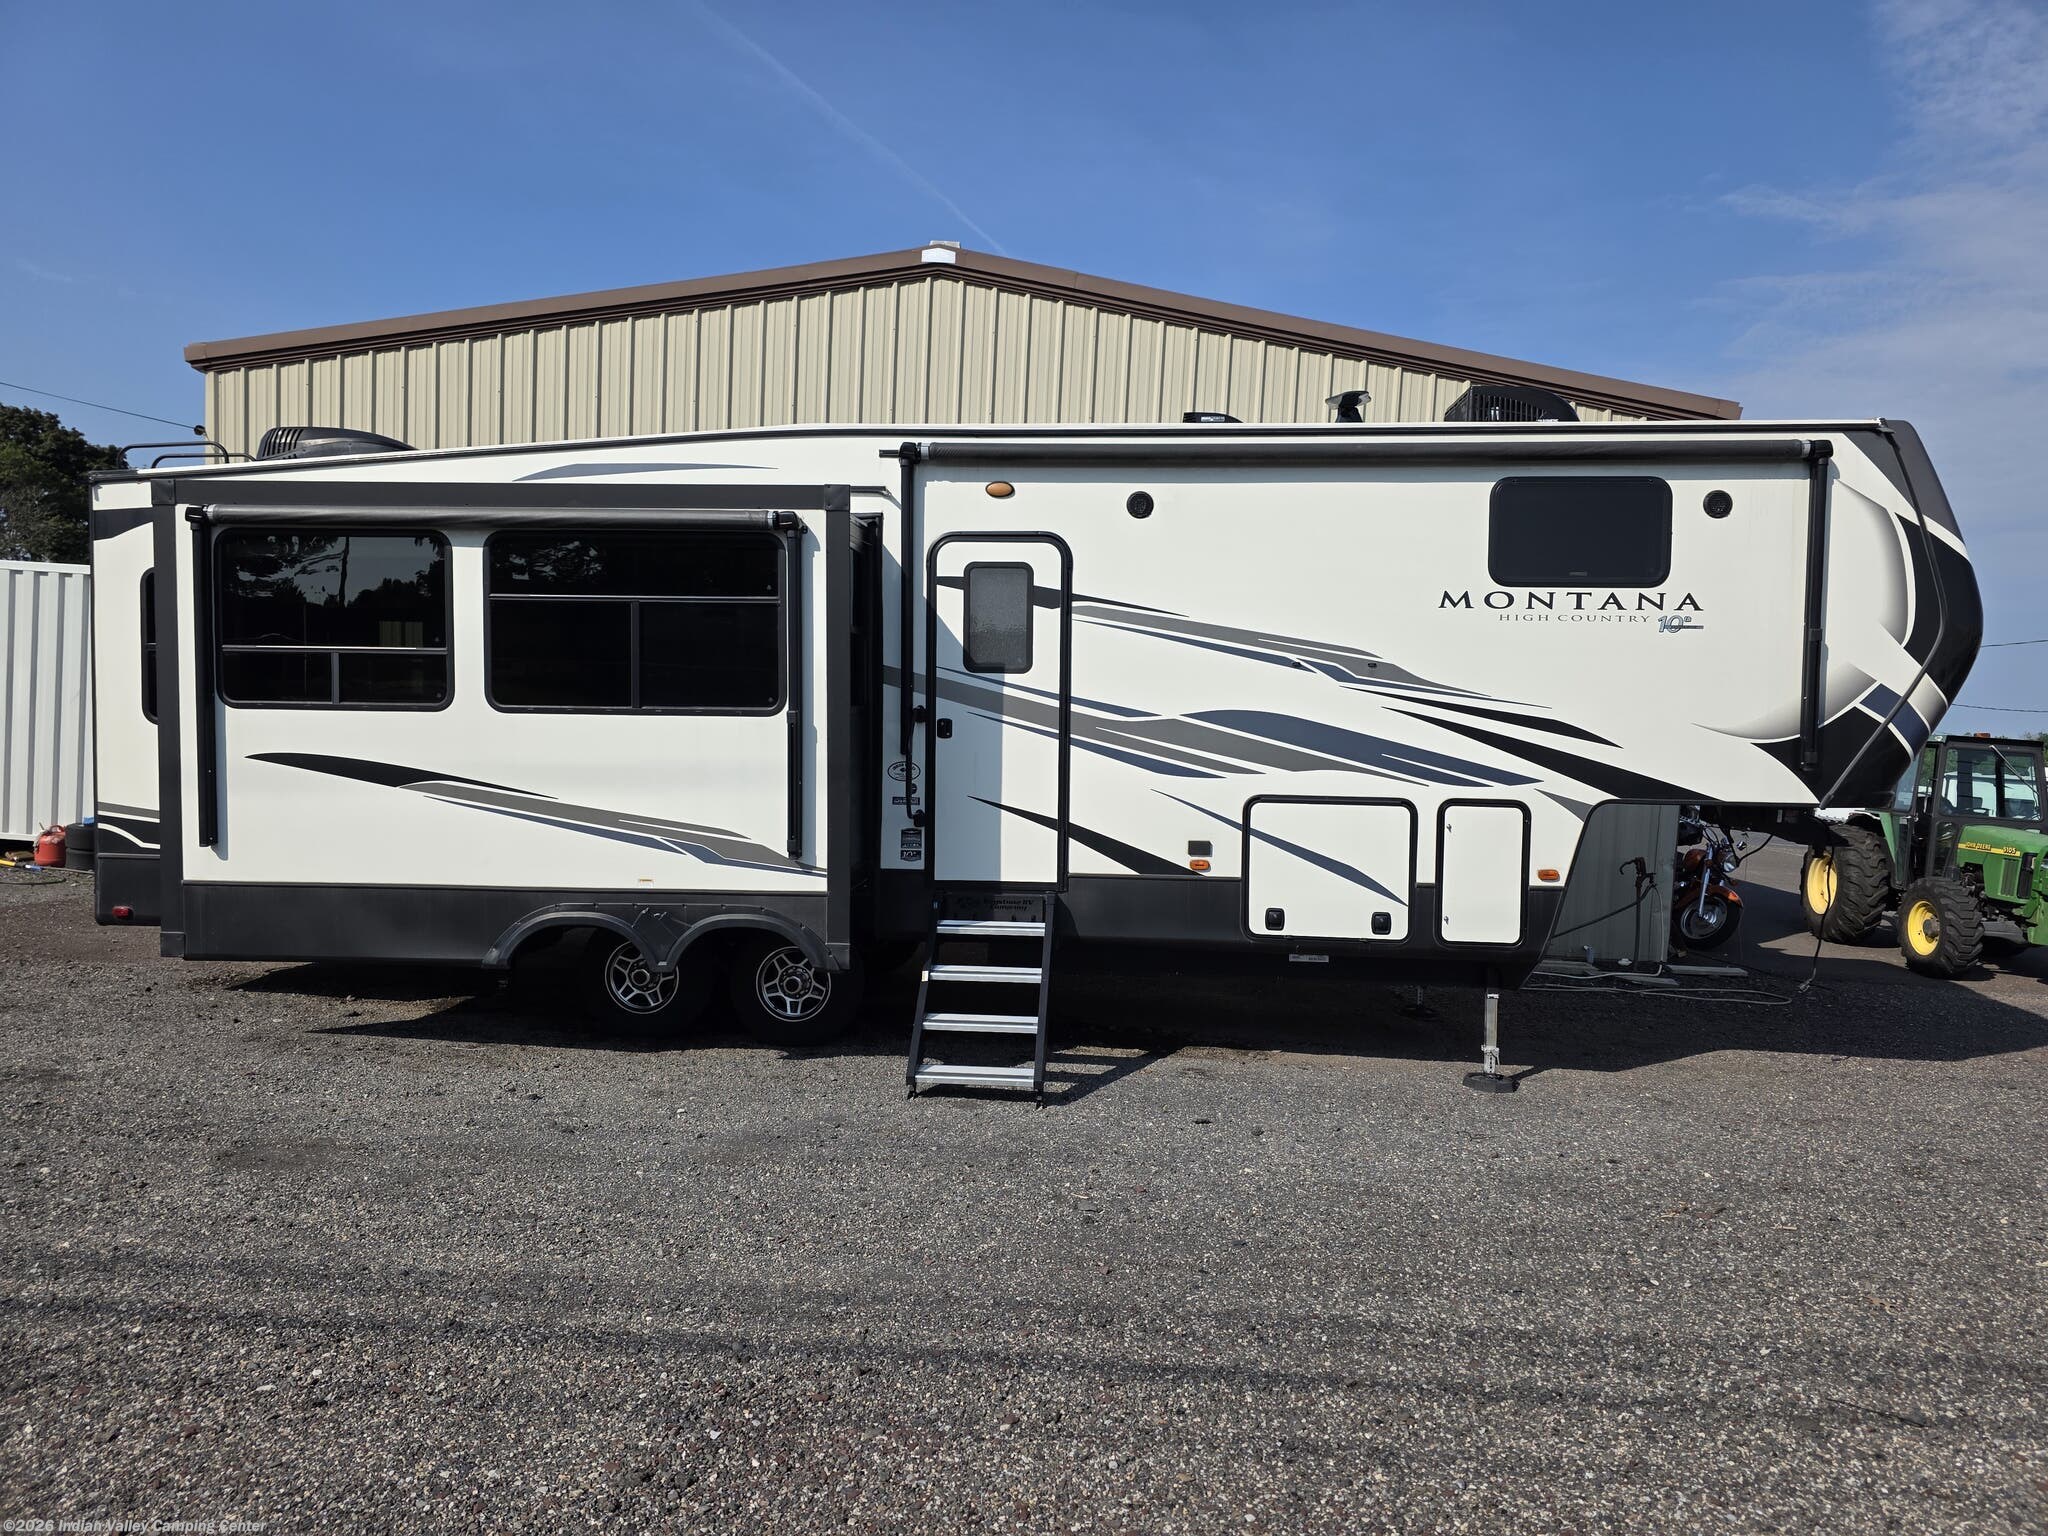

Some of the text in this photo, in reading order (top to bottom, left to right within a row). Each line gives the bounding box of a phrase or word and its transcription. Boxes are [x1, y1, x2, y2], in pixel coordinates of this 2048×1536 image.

[1438, 590, 1704, 611] MONTANA
[1499, 613, 1651, 623] HIGH COUNTRY
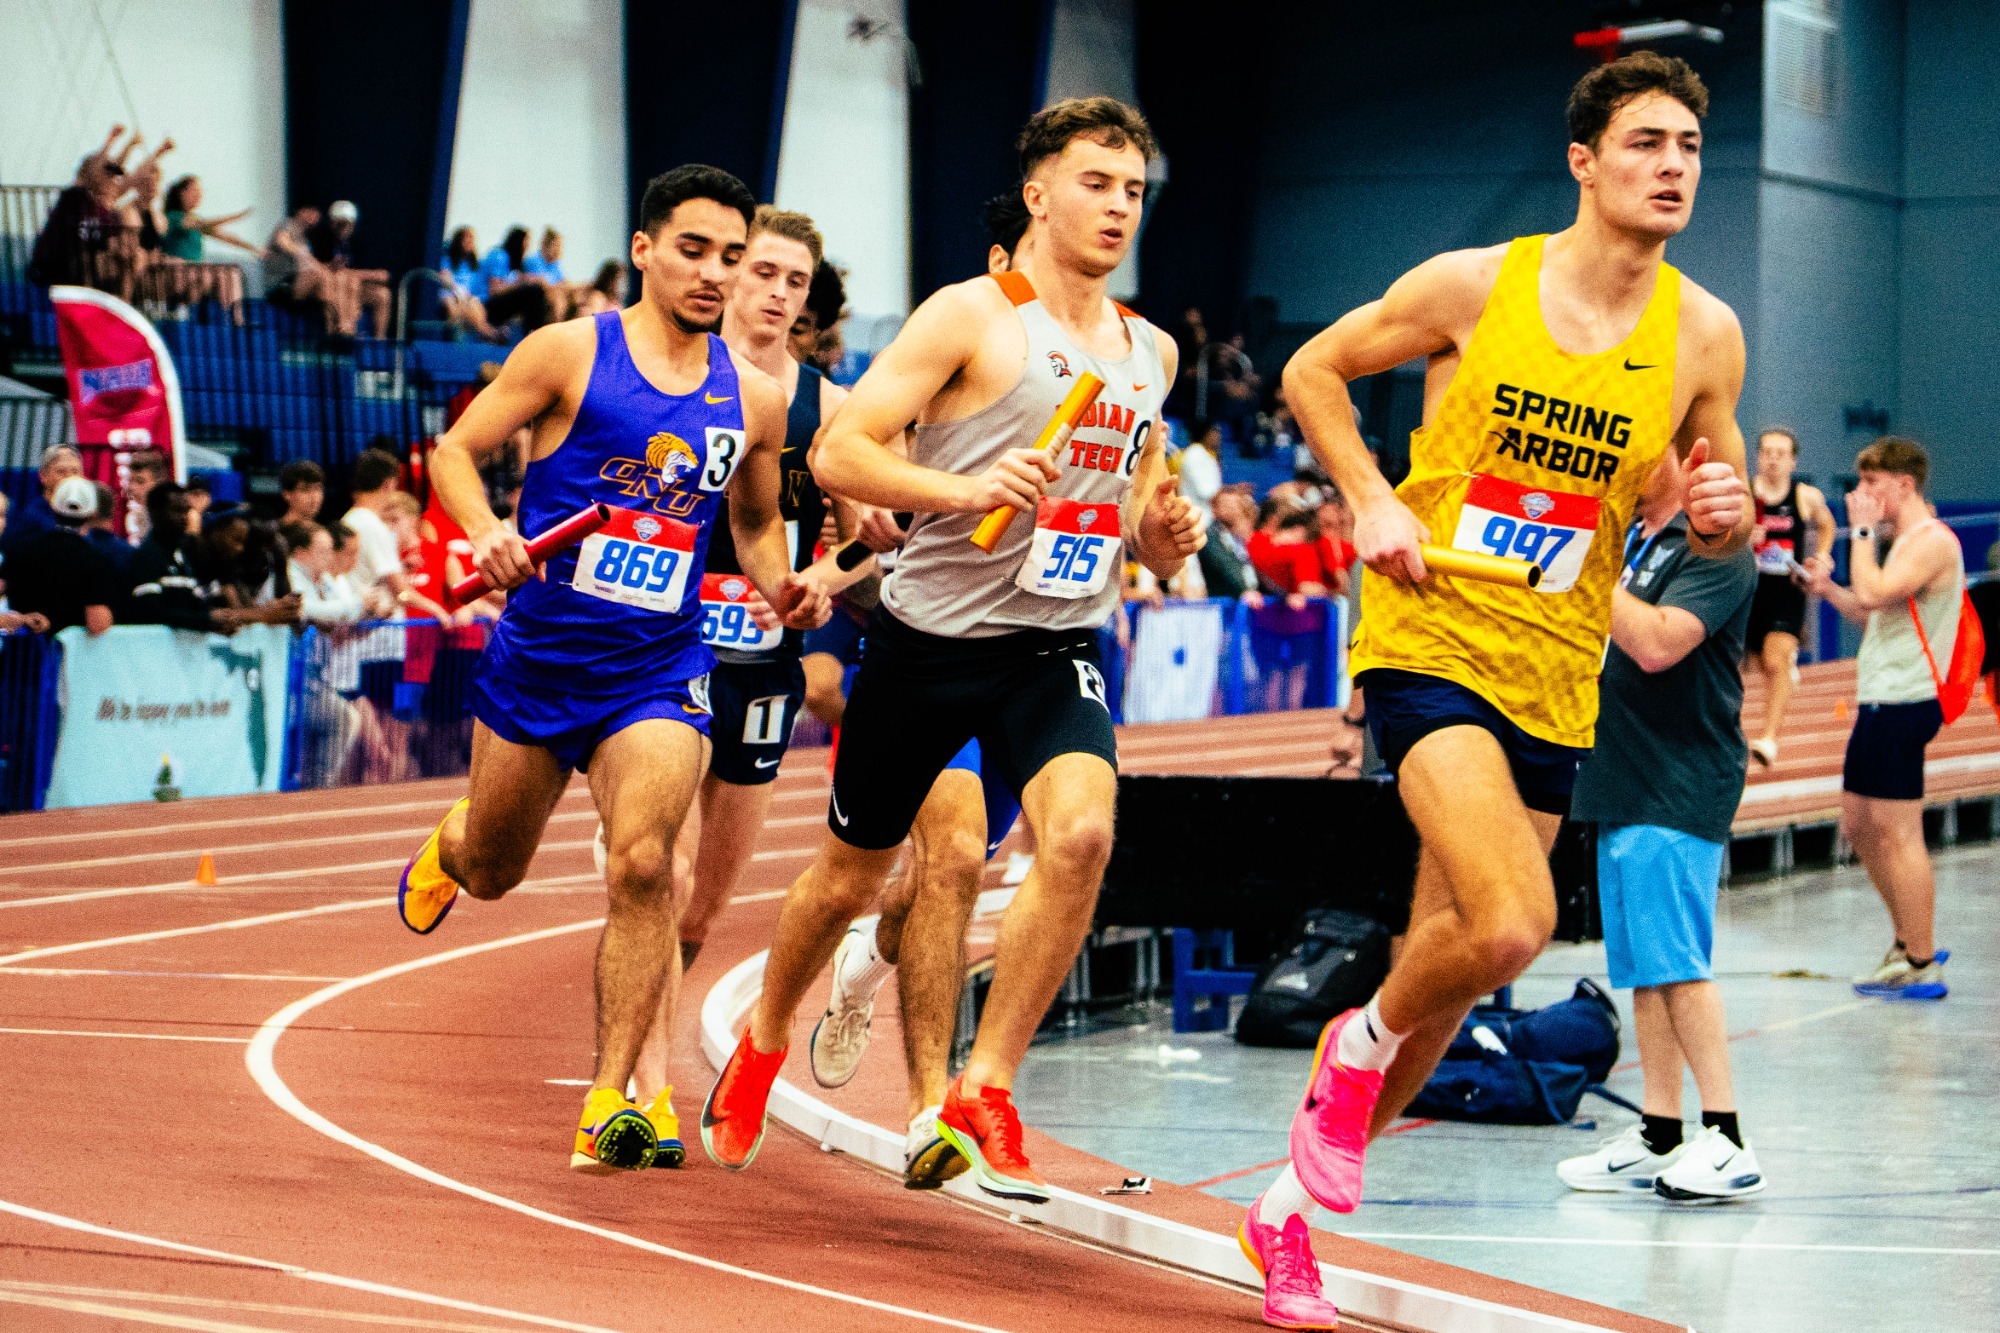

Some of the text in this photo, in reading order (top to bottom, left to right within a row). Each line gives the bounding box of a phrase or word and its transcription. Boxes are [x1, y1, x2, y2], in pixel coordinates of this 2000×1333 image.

[1491, 383, 1633, 449] SPRING
[707, 433, 736, 487] 3
[1125, 420, 1152, 477] 8
[1488, 426, 1620, 484] ARBOR
[594, 539, 679, 594] 869
[1042, 534, 1104, 583] 515
[1482, 516, 1576, 573] 997
[754, 700, 772, 740] 1
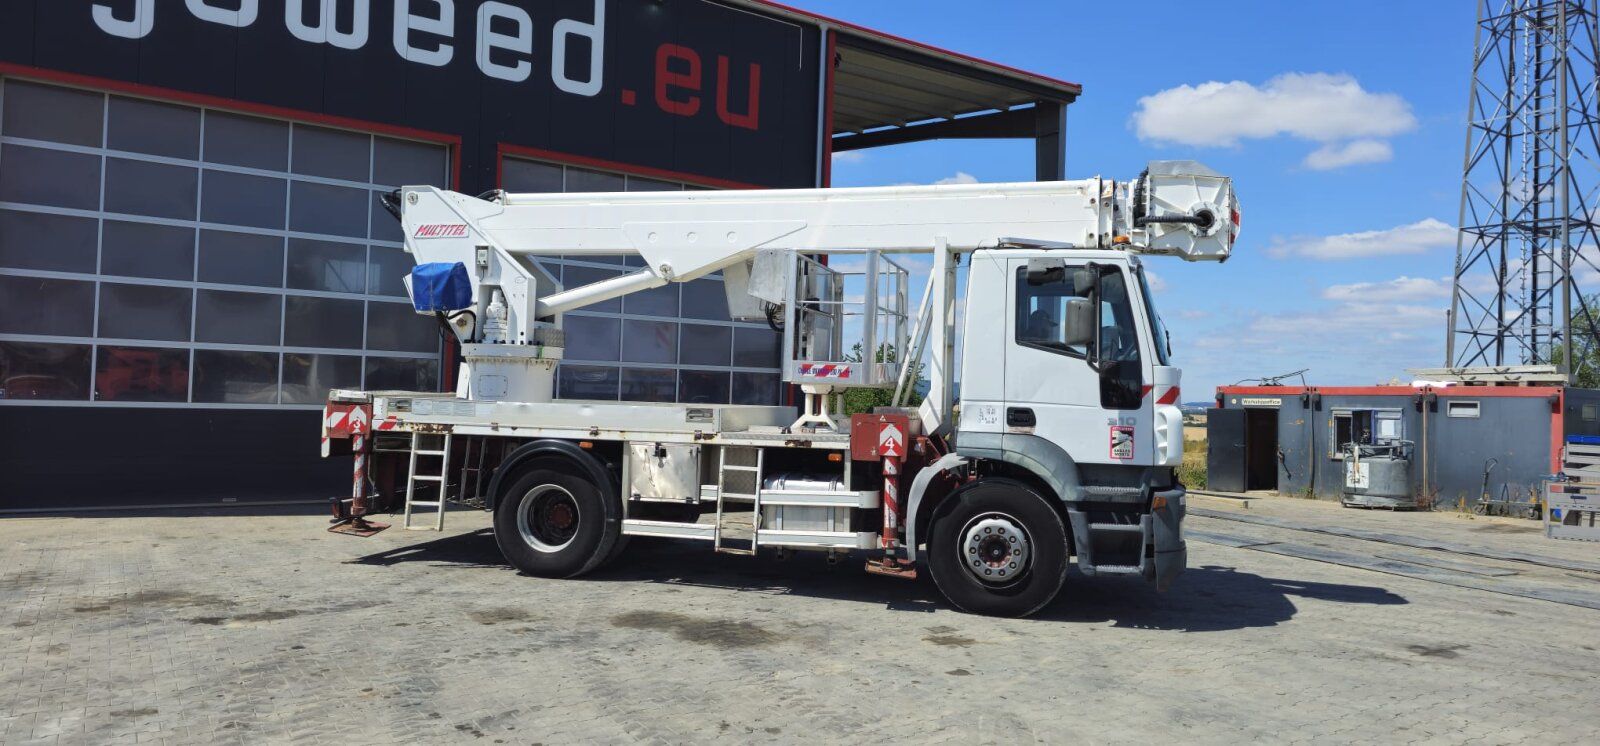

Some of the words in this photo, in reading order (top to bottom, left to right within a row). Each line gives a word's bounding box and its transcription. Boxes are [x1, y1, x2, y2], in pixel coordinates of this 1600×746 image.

[414, 224, 468, 237] MULTITEL
[353, 418, 361, 428] 3
[885, 437, 895, 449] 4

■ ■ ■

PROBLEM: Make an exact copy of the listing. Do not carry over its pictures.

ANSWER TO THIS PROBLEM:
Some of the text in this photo, in reading order (top to bottom, left to right within a row). Each line gives the bounding box of a phrase or word and its transcription. Boxes are [x1, y1, x2, y2], in pixel coordinates of this 2048×1536 image.

[1438, 590, 1704, 611] MONTANA
[1499, 613, 1651, 623] HIGH COUNTRY

Some of the text in this photo, in reading order (top to bottom, left to right within a row). Each line gives the bounding box of a phrase or word and its transcription. Boxes are [x1, y1, x2, y2], in pixel coordinates of this 2000×1333 image.

[1491, 383, 1633, 449] SPRING
[707, 433, 736, 487] 3
[1125, 420, 1152, 477] 8
[1488, 426, 1620, 484] ARBOR
[594, 539, 679, 594] 869
[1042, 534, 1104, 583] 515
[1482, 516, 1576, 573] 997
[754, 700, 772, 740] 1

Some of the words in this photo, in reading order (top to bottom, left to right within a row). Each line gives a word's bounding box and its transcription. Boxes are [x1, y1, x2, y2], in pixel coordinates of this 1600×746 image.

[414, 224, 468, 237] MULTITEL
[353, 418, 361, 428] 3
[885, 437, 895, 449] 4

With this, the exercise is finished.